▶ [EXERCISE INPUT]:
"""
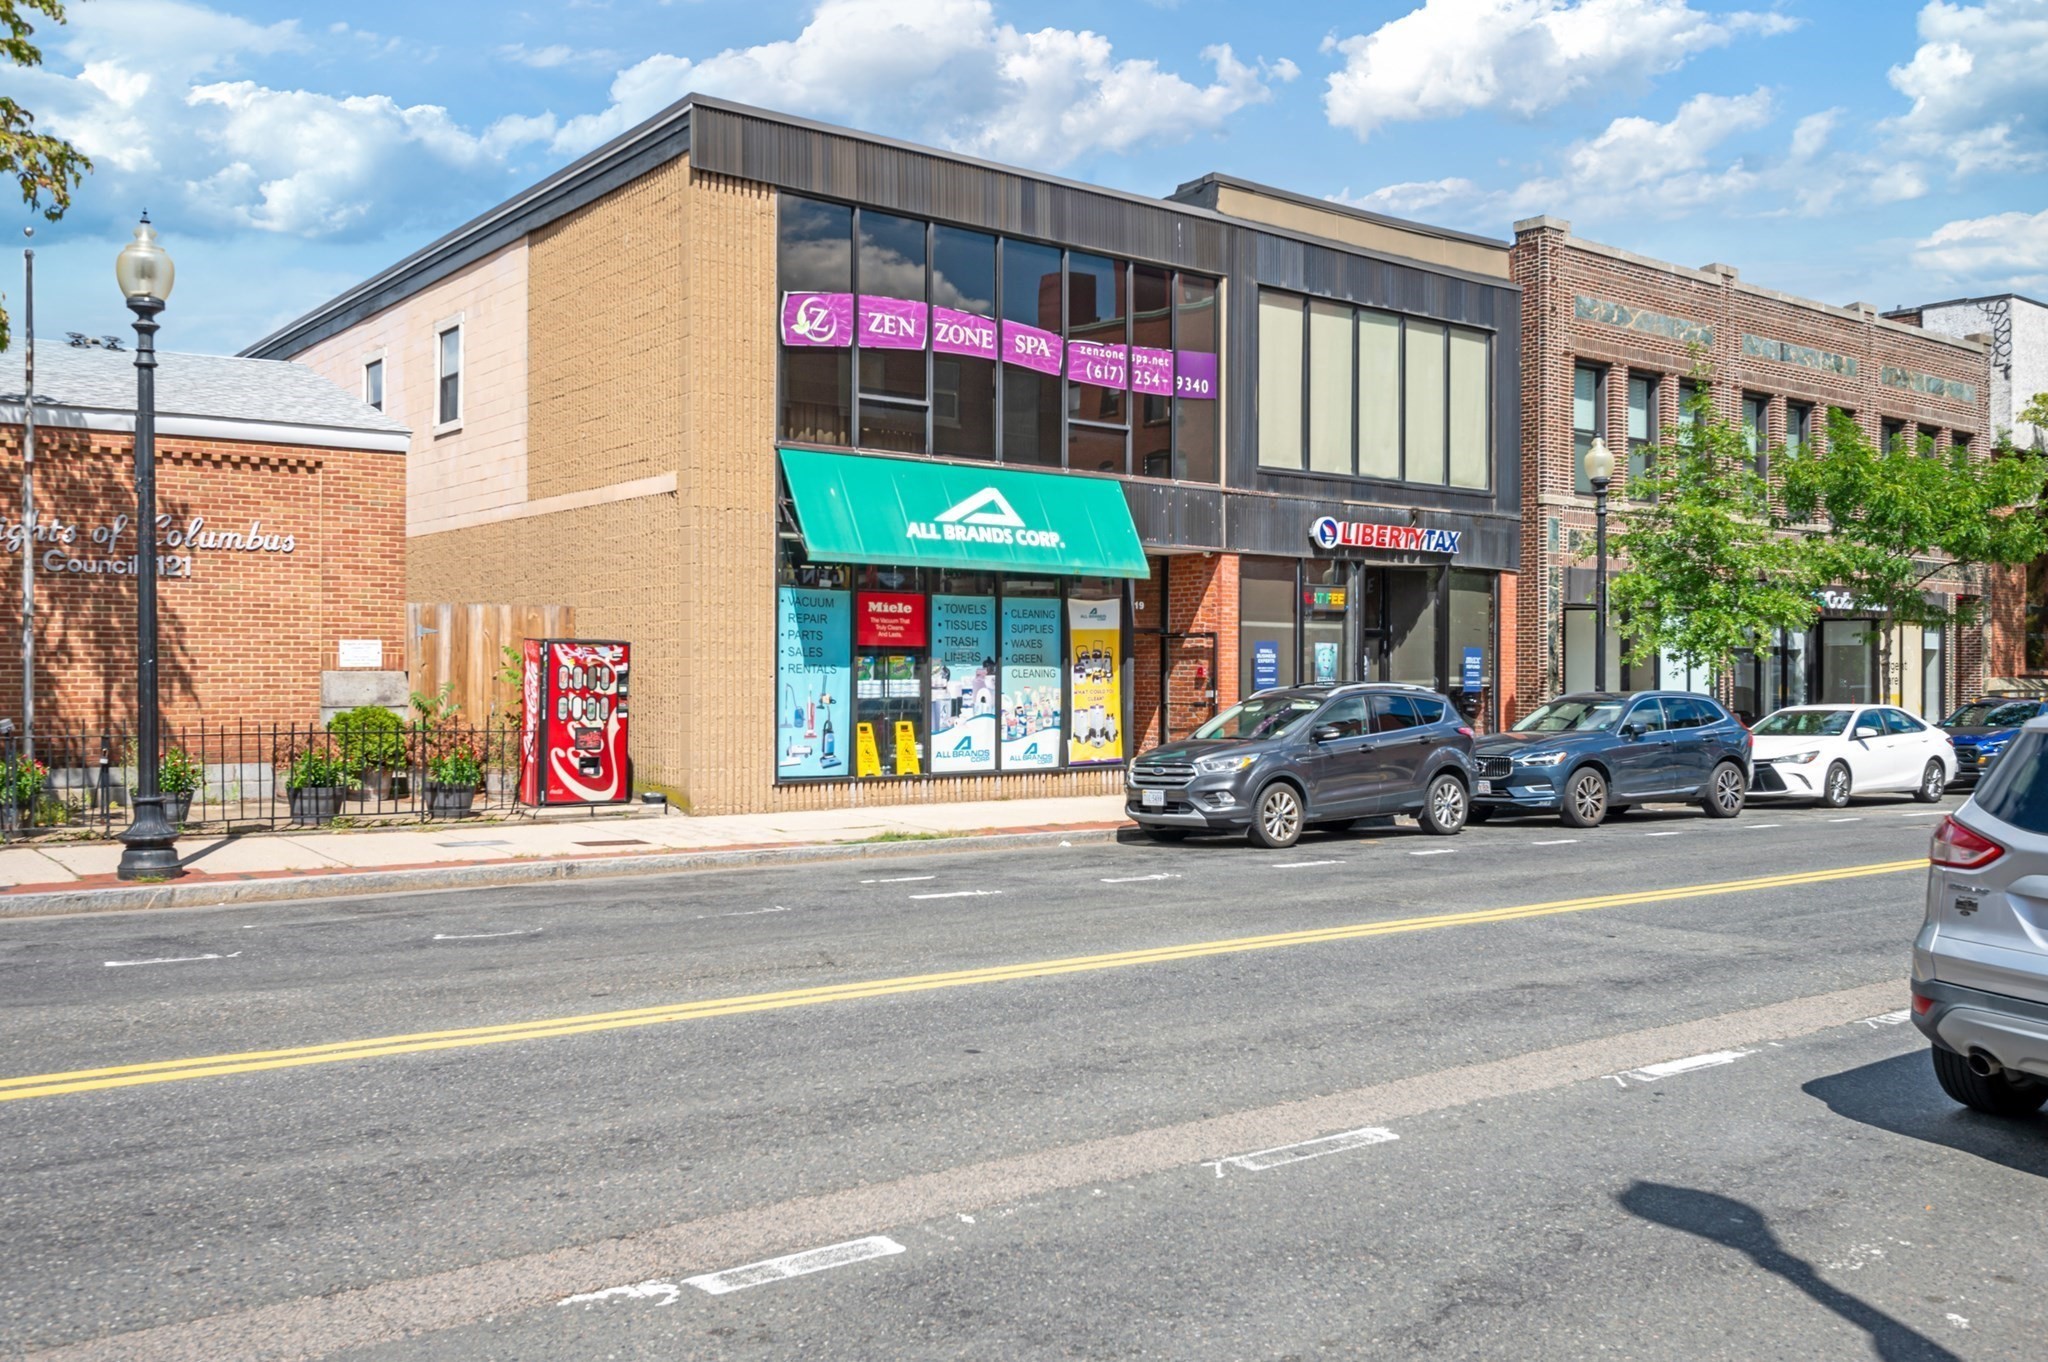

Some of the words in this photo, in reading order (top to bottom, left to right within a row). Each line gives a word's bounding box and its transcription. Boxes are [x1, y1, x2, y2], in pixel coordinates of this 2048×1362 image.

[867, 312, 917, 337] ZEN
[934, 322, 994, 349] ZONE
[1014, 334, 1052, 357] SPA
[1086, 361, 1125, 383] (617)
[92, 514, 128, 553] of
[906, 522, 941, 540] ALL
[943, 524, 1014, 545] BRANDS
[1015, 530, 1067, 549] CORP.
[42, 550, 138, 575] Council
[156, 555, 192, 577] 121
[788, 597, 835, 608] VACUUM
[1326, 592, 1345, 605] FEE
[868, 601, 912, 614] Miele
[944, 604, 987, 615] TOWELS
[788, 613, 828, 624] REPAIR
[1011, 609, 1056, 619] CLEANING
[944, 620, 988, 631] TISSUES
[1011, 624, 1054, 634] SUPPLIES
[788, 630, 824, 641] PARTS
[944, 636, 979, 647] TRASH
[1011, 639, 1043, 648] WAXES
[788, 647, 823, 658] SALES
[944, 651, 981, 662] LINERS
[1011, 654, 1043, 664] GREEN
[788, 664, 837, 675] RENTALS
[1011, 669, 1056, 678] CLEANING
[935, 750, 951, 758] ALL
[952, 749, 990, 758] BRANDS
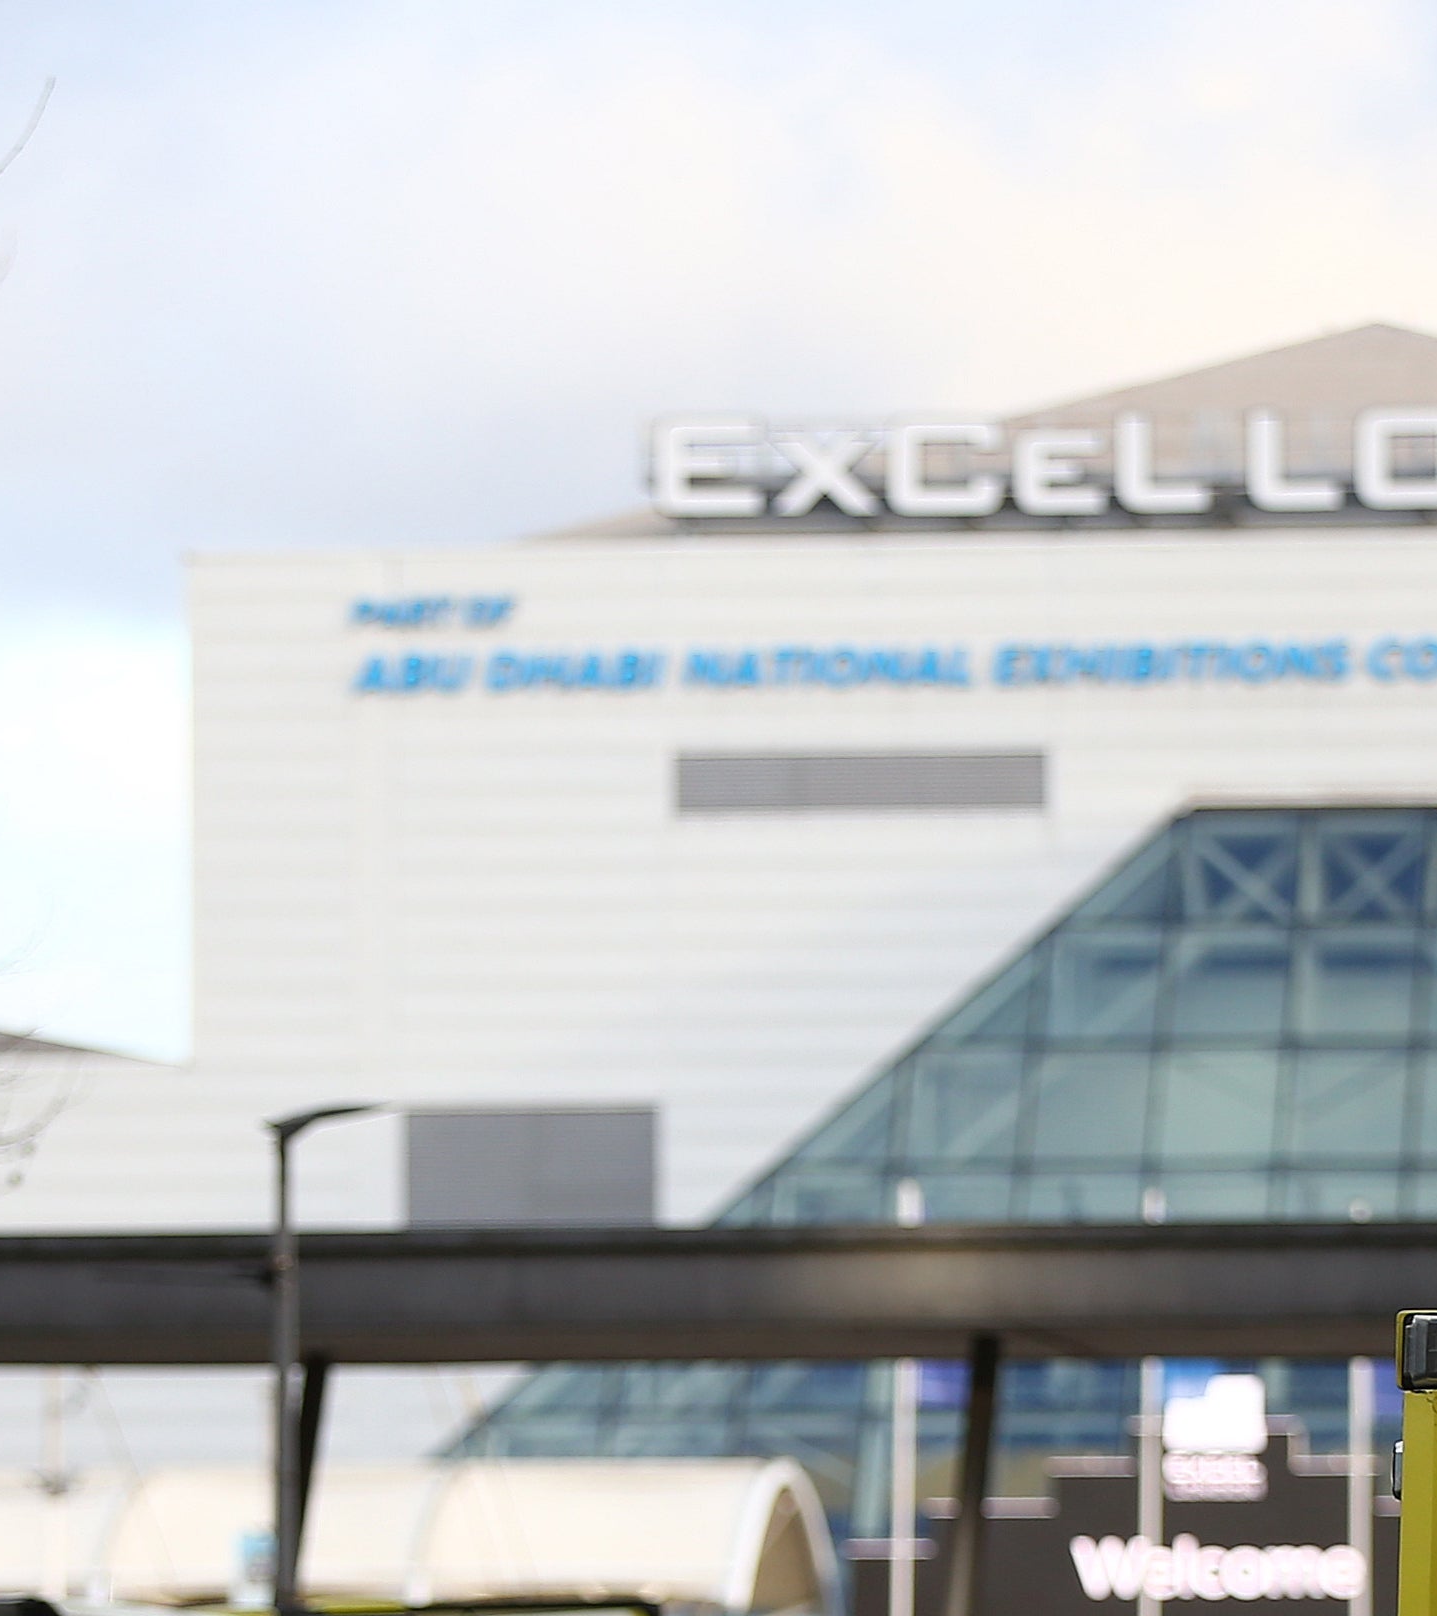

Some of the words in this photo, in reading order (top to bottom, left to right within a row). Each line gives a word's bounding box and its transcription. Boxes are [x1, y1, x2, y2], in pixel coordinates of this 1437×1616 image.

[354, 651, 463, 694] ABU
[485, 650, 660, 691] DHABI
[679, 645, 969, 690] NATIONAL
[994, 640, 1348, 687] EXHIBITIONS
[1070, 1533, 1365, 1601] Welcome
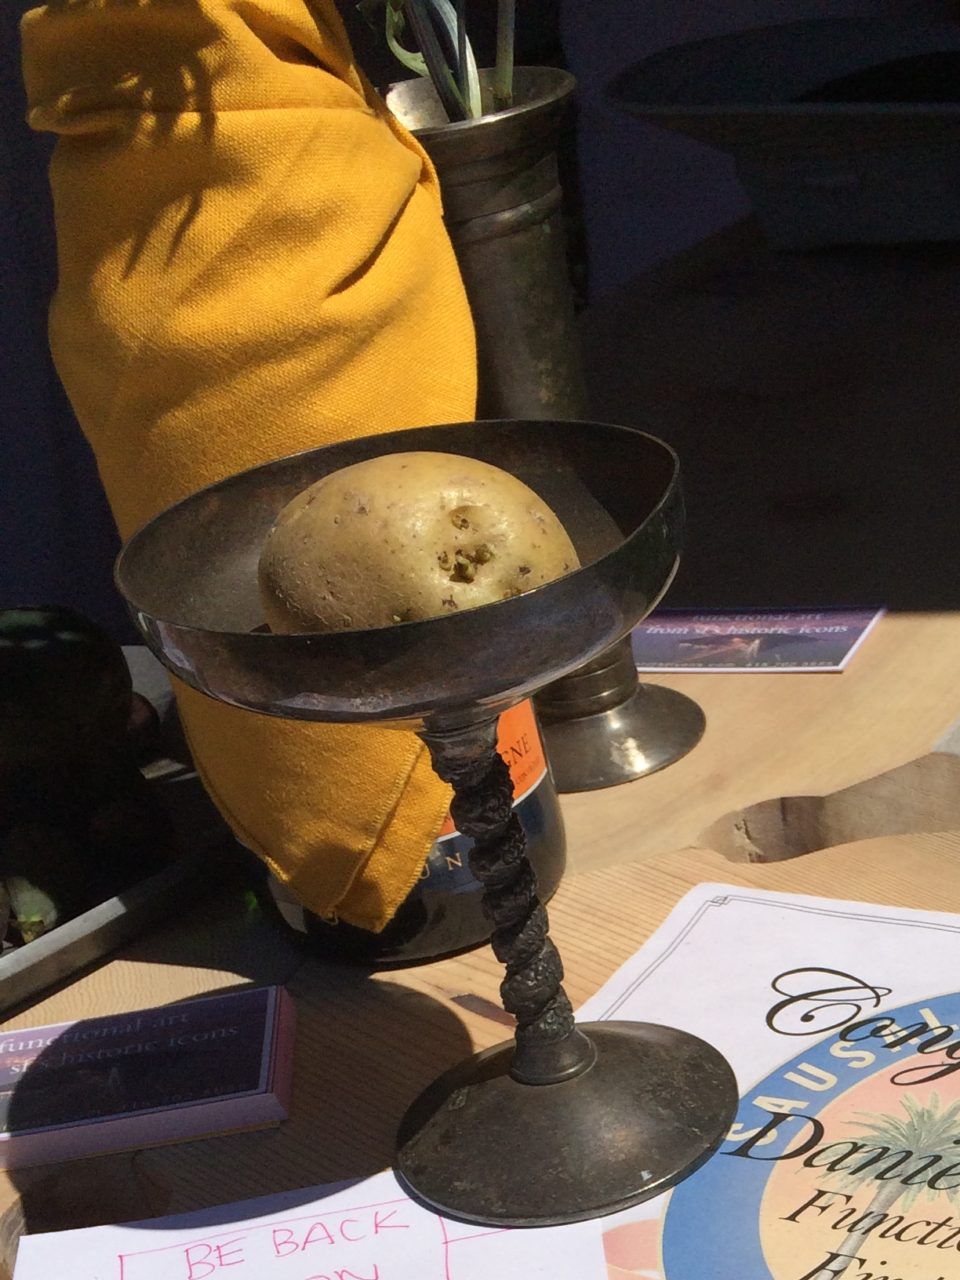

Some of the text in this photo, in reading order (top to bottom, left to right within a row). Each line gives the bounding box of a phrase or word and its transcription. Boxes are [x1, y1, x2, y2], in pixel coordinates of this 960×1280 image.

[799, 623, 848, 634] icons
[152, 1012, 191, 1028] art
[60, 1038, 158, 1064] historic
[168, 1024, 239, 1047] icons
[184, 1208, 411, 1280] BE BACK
"""
▶ [WORK ORDER]:
Repeat the full listing above without altering a word, and skip the pictures.

▶ [TASK RESPONSE]:
Some of the words in this photo, in reading order (top to bottom, left to right within a row). Each line gives a word's bounding box and its transcription. Boxes are [x1, y1, x2, y2], in pixel coordinates of this 2048×1362 image.

[867, 312, 917, 337] ZEN
[934, 322, 994, 349] ZONE
[1014, 334, 1052, 357] SPA
[1086, 361, 1125, 383] (617)
[92, 514, 128, 553] of
[906, 522, 941, 540] ALL
[943, 524, 1014, 545] BRANDS
[1015, 530, 1067, 549] CORP.
[42, 550, 138, 575] Council
[156, 555, 192, 577] 121
[788, 597, 835, 608] VACUUM
[1326, 592, 1345, 605] FEE
[868, 601, 912, 614] Miele
[944, 604, 987, 615] TOWELS
[788, 613, 828, 624] REPAIR
[1011, 609, 1056, 619] CLEANING
[944, 620, 988, 631] TISSUES
[1011, 624, 1054, 634] SUPPLIES
[788, 630, 824, 641] PARTS
[944, 636, 979, 647] TRASH
[1011, 639, 1043, 648] WAXES
[788, 647, 823, 658] SALES
[944, 651, 981, 662] LINERS
[1011, 654, 1043, 664] GREEN
[788, 664, 837, 675] RENTALS
[1011, 669, 1056, 678] CLEANING
[935, 750, 951, 758] ALL
[952, 749, 990, 758] BRANDS

Some of the words in this photo, in reading order (top to bottom, left to right within a row). Each line gives a word's bounding box and its transcription. Boxes are [x1, y1, x2, y2], in pixel coordinates of this 1437×1616 image.

[354, 651, 463, 694] ABU
[485, 650, 660, 691] DHABI
[679, 645, 969, 690] NATIONAL
[994, 640, 1348, 687] EXHIBITIONS
[1070, 1533, 1365, 1601] Welcome

Some of the text in this photo, in reading order (top to bottom, left to right within a row). Each line gives the bounding box of a phrase or word and its transcription. Boxes are [x1, y1, x2, y2], in pixel coordinates of this 960×1280 image.

[799, 623, 848, 634] icons
[152, 1012, 191, 1028] art
[60, 1038, 158, 1064] historic
[168, 1024, 239, 1047] icons
[184, 1208, 411, 1280] BE BACK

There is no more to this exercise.